I basically use screen to be logged into several systems at once for
differn't
parts of my company's network. On occasion something makes screen freeze
(im thinking its irssi) so I end up killing all the sessions and doing
them all over again. This happened a few too many times in one day, so I
decided to make a script out of it.
My first attempts were just to launch a normal screen just like I would
typing on the command line;
screen bash
screen ssh sever1
screen ssh server2 ... etc
But of course you would have to pass arguments to the newly created bash
shell you started screen with, and that left me in an odd state of trying
to do things like;
screen bash & screen ssh server1 & screen ssh server2, etc...

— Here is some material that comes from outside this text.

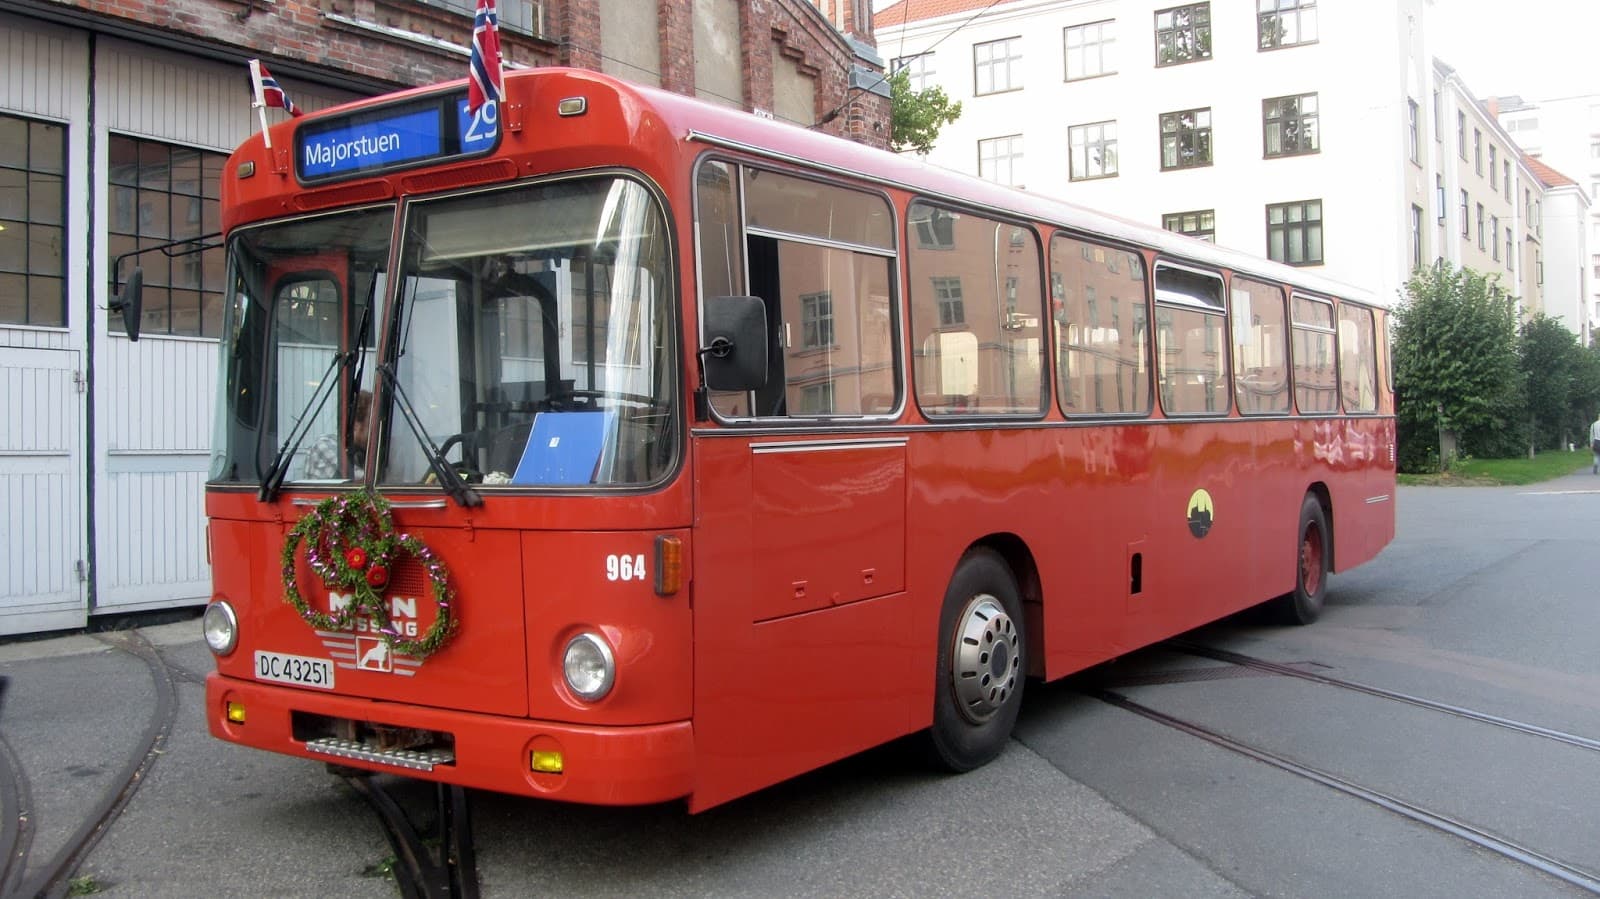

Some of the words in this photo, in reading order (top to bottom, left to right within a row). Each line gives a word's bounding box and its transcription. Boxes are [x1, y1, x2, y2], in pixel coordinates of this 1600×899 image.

That wasn't going to work either (yeah, im still a bit green on this
stuff)
because it was backgrounding the other processes ( i think?)
Then I thought, ummmm... maybe a case statement would work?
Gave this a shot;
case "$1B" in
start ) screen bash & setscreen.sh phase2 ;;
phase2 ) screen -t SV1 3 "ssh server1"
screen -t SV2 4 "ssh server2"
screen -t IRC 1 "irssi" ;;
esac
Somehow this kind of worked, but not quite right. Screen would do some
weird word wrapping, and the terminal was basically unusable.
What has actually worked is this, and I think it sucks, but it does work
how I want it too:
I made one script, with two config files that bash can call from
--init-file, basically reparsing commands after I got into a new shell.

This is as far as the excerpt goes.